[[ Source material open ]]

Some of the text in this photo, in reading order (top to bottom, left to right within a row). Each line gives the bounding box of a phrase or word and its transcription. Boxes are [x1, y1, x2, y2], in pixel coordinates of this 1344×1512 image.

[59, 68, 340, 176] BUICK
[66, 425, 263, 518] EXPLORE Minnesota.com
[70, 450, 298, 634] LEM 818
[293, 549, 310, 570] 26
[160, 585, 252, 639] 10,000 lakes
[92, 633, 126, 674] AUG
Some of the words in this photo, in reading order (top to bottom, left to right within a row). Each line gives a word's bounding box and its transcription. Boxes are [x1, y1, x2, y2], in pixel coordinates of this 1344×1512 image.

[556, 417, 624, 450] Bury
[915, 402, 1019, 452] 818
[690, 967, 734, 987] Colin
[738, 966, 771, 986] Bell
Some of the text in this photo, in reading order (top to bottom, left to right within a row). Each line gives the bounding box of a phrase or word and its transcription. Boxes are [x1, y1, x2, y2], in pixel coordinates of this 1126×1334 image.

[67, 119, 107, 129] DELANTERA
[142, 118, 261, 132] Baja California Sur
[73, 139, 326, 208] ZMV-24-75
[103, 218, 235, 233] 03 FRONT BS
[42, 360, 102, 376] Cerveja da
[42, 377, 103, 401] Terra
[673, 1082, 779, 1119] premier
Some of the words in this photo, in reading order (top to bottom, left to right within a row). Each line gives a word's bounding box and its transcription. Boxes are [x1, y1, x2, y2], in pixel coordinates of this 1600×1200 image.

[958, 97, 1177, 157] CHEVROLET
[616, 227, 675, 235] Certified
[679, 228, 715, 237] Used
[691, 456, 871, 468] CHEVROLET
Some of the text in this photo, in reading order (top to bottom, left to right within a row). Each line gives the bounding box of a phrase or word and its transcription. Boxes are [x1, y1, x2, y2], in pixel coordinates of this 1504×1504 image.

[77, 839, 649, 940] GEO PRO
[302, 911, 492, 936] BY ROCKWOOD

[[ Source material closed ]]

**Your task:** The required output is every line of the entries, starting at the one that contains "this 1600×1200 image." and ending at the last, copied exactly.

**Answer to this problem:**
Some of the words in this photo, in reading order (top to bottom, left to right within a row). Each line gives a word's bounding box and its transcription. Boxes are [x1, y1, x2, y2], in pixel coordinates of this 1600×1200 image.

[958, 97, 1177, 157] CHEVROLET
[616, 227, 675, 235] Certified
[679, 228, 715, 237] Used
[691, 456, 871, 468] CHEVROLET
Some of the text in this photo, in reading order (top to bottom, left to right within a row). Each line gives the bounding box of a phrase or word and its transcription. Boxes are [x1, y1, x2, y2], in pixel coordinates of this 1504×1504 image.

[77, 839, 649, 940] GEO PRO
[302, 911, 492, 936] BY ROCKWOOD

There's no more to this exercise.